§ **Stored data entries**:
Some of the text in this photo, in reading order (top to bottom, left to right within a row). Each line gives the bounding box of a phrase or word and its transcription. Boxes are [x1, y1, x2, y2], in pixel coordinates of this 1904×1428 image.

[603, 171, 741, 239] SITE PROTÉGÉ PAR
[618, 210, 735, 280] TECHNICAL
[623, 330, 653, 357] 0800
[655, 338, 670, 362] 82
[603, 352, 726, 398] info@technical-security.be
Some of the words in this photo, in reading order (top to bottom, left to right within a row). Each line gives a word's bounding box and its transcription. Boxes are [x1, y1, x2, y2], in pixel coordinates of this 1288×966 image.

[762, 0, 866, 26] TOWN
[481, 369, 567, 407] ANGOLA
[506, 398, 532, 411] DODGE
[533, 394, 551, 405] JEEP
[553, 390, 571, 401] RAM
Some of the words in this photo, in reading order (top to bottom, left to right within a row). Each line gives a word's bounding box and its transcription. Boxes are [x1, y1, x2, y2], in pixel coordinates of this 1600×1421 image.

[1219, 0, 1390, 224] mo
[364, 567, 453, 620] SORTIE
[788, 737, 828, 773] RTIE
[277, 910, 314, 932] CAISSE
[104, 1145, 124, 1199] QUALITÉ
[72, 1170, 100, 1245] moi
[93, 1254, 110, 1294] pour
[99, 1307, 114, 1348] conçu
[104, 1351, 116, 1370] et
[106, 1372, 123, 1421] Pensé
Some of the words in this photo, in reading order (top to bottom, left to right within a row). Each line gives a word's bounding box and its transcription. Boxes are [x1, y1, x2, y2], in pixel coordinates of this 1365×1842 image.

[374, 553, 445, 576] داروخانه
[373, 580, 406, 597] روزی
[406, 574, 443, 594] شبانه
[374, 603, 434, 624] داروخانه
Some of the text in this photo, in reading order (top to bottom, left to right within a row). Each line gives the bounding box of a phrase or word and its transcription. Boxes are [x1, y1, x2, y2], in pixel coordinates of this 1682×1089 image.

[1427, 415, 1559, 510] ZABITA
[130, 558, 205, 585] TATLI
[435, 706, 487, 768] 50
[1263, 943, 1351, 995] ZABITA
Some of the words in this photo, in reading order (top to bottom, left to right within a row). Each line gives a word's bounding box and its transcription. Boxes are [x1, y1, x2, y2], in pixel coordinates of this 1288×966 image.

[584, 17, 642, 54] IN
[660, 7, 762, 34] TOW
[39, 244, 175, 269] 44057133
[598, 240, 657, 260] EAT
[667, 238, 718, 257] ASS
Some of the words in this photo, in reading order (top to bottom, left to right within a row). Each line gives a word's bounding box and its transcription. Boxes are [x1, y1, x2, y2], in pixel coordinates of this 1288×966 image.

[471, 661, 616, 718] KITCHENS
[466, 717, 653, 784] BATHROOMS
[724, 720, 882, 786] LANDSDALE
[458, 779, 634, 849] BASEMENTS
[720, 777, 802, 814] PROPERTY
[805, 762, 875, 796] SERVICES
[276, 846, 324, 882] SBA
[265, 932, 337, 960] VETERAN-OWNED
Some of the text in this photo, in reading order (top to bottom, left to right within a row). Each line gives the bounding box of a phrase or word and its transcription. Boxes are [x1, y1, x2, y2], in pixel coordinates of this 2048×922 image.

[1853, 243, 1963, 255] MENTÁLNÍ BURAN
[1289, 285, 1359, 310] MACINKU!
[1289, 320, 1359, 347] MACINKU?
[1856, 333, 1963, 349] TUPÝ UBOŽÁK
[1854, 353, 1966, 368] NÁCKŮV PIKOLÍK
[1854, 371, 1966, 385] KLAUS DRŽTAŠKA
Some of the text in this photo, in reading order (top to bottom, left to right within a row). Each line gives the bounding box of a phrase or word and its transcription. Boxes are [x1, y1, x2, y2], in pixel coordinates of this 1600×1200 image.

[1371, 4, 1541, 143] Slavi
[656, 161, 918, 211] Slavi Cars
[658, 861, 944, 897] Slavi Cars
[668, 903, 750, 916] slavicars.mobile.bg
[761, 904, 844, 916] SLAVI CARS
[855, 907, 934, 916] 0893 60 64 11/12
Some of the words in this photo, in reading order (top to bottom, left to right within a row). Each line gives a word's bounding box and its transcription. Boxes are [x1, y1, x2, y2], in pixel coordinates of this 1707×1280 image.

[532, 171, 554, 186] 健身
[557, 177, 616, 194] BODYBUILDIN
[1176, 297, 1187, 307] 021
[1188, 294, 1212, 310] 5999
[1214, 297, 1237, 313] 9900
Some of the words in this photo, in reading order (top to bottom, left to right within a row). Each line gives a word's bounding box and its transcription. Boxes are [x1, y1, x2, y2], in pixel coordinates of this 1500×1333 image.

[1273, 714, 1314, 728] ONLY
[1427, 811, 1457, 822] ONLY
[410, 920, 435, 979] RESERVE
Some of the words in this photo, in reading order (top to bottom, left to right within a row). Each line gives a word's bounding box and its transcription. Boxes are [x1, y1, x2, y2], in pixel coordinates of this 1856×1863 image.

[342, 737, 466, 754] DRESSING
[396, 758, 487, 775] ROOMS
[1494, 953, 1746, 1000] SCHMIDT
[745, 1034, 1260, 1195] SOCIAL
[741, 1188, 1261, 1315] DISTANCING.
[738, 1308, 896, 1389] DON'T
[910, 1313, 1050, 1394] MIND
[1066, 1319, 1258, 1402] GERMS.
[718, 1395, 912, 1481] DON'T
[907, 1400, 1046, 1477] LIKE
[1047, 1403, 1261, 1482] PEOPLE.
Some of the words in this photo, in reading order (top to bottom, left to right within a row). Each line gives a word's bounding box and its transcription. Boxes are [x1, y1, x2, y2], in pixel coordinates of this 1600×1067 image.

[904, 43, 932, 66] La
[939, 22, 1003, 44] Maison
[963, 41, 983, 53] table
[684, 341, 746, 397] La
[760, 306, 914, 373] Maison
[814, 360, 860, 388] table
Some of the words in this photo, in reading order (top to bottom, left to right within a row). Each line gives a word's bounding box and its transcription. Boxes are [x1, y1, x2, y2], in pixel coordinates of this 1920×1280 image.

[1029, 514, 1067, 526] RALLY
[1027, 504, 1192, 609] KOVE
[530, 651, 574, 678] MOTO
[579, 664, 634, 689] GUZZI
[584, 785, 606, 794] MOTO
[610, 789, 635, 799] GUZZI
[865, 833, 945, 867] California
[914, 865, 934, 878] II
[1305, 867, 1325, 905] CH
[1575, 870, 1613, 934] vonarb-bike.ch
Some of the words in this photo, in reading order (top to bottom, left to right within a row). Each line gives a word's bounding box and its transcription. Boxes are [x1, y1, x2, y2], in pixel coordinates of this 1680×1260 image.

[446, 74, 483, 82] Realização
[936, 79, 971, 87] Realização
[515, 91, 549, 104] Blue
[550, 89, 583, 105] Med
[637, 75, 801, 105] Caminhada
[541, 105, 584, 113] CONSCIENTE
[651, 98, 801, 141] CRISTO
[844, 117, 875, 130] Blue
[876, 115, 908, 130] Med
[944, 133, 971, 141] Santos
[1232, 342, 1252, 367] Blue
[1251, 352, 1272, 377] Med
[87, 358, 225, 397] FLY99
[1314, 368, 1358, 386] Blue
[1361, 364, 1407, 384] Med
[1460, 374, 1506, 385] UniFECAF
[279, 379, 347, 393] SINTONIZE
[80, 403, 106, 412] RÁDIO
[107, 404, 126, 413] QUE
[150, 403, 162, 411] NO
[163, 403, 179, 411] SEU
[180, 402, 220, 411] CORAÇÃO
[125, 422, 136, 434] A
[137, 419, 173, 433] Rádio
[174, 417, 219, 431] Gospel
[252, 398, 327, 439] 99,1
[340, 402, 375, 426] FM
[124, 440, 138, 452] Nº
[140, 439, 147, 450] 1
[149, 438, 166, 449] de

§ **Activity**:
Please copy out every line shown above, exactly.

§ **Response for this exercise**:
Some of the text in this photo, in reading order (top to bottom, left to right within a row). Each line gives the bounding box of a phrase or word and its transcription. Boxes are [x1, y1, x2, y2], in pixel coordinates of this 1904×1428 image.

[603, 171, 741, 239] SITE PROTÉGÉ PAR
[618, 210, 735, 280] TECHNICAL
[623, 330, 653, 357] 0800
[655, 338, 670, 362] 82
[603, 352, 726, 398] info@technical-security.be
Some of the words in this photo, in reading order (top to bottom, left to right within a row). Each line gives a word's bounding box and its transcription. Boxes are [x1, y1, x2, y2], in pixel coordinates of this 1288×966 image.

[762, 0, 866, 26] TOWN
[481, 369, 567, 407] ANGOLA
[506, 398, 532, 411] DODGE
[533, 394, 551, 405] JEEP
[553, 390, 571, 401] RAM
Some of the words in this photo, in reading order (top to bottom, left to right within a row). Each line gives a word's bounding box and its transcription. Boxes are [x1, y1, x2, y2], in pixel coordinates of this 1600×1421 image.

[1219, 0, 1390, 224] mo
[364, 567, 453, 620] SORTIE
[788, 737, 828, 773] RTIE
[277, 910, 314, 932] CAISSE
[104, 1145, 124, 1199] QUALITÉ
[72, 1170, 100, 1245] moi
[93, 1254, 110, 1294] pour
[99, 1307, 114, 1348] conçu
[104, 1351, 116, 1370] et
[106, 1372, 123, 1421] Pensé
Some of the words in this photo, in reading order (top to bottom, left to right within a row). Each line gives a word's bounding box and its transcription. Boxes are [x1, y1, x2, y2], in pixel coordinates of this 1365×1842 image.

[374, 553, 445, 576] داروخانه
[373, 580, 406, 597] روزی
[406, 574, 443, 594] شبانه
[374, 603, 434, 624] داروخانه
Some of the text in this photo, in reading order (top to bottom, left to right within a row). Each line gives the bounding box of a phrase or word and its transcription. Boxes are [x1, y1, x2, y2], in pixel coordinates of this 1682×1089 image.

[1427, 415, 1559, 510] ZABITA
[130, 558, 205, 585] TATLI
[435, 706, 487, 768] 50
[1263, 943, 1351, 995] ZABITA
Some of the words in this photo, in reading order (top to bottom, left to right within a row). Each line gives a word's bounding box and its transcription. Boxes are [x1, y1, x2, y2], in pixel coordinates of this 1288×966 image.

[584, 17, 642, 54] IN
[660, 7, 762, 34] TOW
[39, 244, 175, 269] 44057133
[598, 240, 657, 260] EAT
[667, 238, 718, 257] ASS
Some of the words in this photo, in reading order (top to bottom, left to right within a row). Each line gives a word's bounding box and its transcription. Boxes are [x1, y1, x2, y2], in pixel coordinates of this 1288×966 image.

[471, 661, 616, 718] KITCHENS
[466, 717, 653, 784] BATHROOMS
[724, 720, 882, 786] LANDSDALE
[458, 779, 634, 849] BASEMENTS
[720, 777, 802, 814] PROPERTY
[805, 762, 875, 796] SERVICES
[276, 846, 324, 882] SBA
[265, 932, 337, 960] VETERAN-OWNED
Some of the text in this photo, in reading order (top to bottom, left to right within a row). Each line gives the bounding box of a phrase or word and its transcription. Boxes are [x1, y1, x2, y2], in pixel coordinates of this 2048×922 image.

[1853, 243, 1963, 255] MENTÁLNÍ BURAN
[1289, 285, 1359, 310] MACINKU!
[1289, 320, 1359, 347] MACINKU?
[1856, 333, 1963, 349] TUPÝ UBOŽÁK
[1854, 353, 1966, 368] NÁCKŮV PIKOLÍK
[1854, 371, 1966, 385] KLAUS DRŽTAŠKA
Some of the text in this photo, in reading order (top to bottom, left to right within a row). Each line gives the bounding box of a phrase or word and its transcription. Boxes are [x1, y1, x2, y2], in pixel coordinates of this 1600×1200 image.

[1371, 4, 1541, 143] Slavi
[656, 161, 918, 211] Slavi Cars
[658, 861, 944, 897] Slavi Cars
[668, 903, 750, 916] slavicars.mobile.bg
[761, 904, 844, 916] SLAVI CARS
[855, 907, 934, 916] 0893 60 64 11/12
Some of the words in this photo, in reading order (top to bottom, left to right within a row). Each line gives a word's bounding box and its transcription. Boxes are [x1, y1, x2, y2], in pixel coordinates of this 1707×1280 image.

[532, 171, 554, 186] 健身
[557, 177, 616, 194] BODYBUILDIN
[1176, 297, 1187, 307] 021
[1188, 294, 1212, 310] 5999
[1214, 297, 1237, 313] 9900
Some of the words in this photo, in reading order (top to bottom, left to right within a row). Each line gives a word's bounding box and its transcription. Boxes are [x1, y1, x2, y2], in pixel coordinates of this 1500×1333 image.

[1273, 714, 1314, 728] ONLY
[1427, 811, 1457, 822] ONLY
[410, 920, 435, 979] RESERVE
Some of the words in this photo, in reading order (top to bottom, left to right within a row). Each line gives a word's bounding box and its transcription. Boxes are [x1, y1, x2, y2], in pixel coordinates of this 1856×1863 image.

[342, 737, 466, 754] DRESSING
[396, 758, 487, 775] ROOMS
[1494, 953, 1746, 1000] SCHMIDT
[745, 1034, 1260, 1195] SOCIAL
[741, 1188, 1261, 1315] DISTANCING.
[738, 1308, 896, 1389] DON'T
[910, 1313, 1050, 1394] MIND
[1066, 1319, 1258, 1402] GERMS.
[718, 1395, 912, 1481] DON'T
[907, 1400, 1046, 1477] LIKE
[1047, 1403, 1261, 1482] PEOPLE.
Some of the words in this photo, in reading order (top to bottom, left to right within a row). Each line gives a word's bounding box and its transcription. Boxes are [x1, y1, x2, y2], in pixel coordinates of this 1600×1067 image.

[904, 43, 932, 66] La
[939, 22, 1003, 44] Maison
[963, 41, 983, 53] table
[684, 341, 746, 397] La
[760, 306, 914, 373] Maison
[814, 360, 860, 388] table
Some of the words in this photo, in reading order (top to bottom, left to right within a row). Each line gives a word's bounding box and its transcription. Boxes are [x1, y1, x2, y2], in pixel coordinates of this 1920×1280 image.

[1029, 514, 1067, 526] RALLY
[1027, 504, 1192, 609] KOVE
[530, 651, 574, 678] MOTO
[579, 664, 634, 689] GUZZI
[584, 785, 606, 794] MOTO
[610, 789, 635, 799] GUZZI
[865, 833, 945, 867] California
[914, 865, 934, 878] II
[1305, 867, 1325, 905] CH
[1575, 870, 1613, 934] vonarb-bike.ch
Some of the words in this photo, in reading order (top to bottom, left to right within a row). Each line gives a word's bounding box and its transcription. Boxes are [x1, y1, x2, y2], in pixel coordinates of this 1680×1260 image.

[446, 74, 483, 82] Realização
[936, 79, 971, 87] Realização
[515, 91, 549, 104] Blue
[550, 89, 583, 105] Med
[637, 75, 801, 105] Caminhada
[541, 105, 584, 113] CONSCIENTE
[651, 98, 801, 141] CRISTO
[844, 117, 875, 130] Blue
[876, 115, 908, 130] Med
[944, 133, 971, 141] Santos
[1232, 342, 1252, 367] Blue
[1251, 352, 1272, 377] Med
[87, 358, 225, 397] FLY99
[1314, 368, 1358, 386] Blue
[1361, 364, 1407, 384] Med
[1460, 374, 1506, 385] UniFECAF
[279, 379, 347, 393] SINTONIZE
[80, 403, 106, 412] RÁDIO
[107, 404, 126, 413] QUE
[150, 403, 162, 411] NO
[163, 403, 179, 411] SEU
[180, 402, 220, 411] CORAÇÃO
[125, 422, 136, 434] A
[137, 419, 173, 433] Rádio
[174, 417, 219, 431] Gospel
[252, 398, 327, 439] 99,1
[340, 402, 375, 426] FM
[124, 440, 138, 452] Nº
[140, 439, 147, 450] 1
[149, 438, 166, 449] de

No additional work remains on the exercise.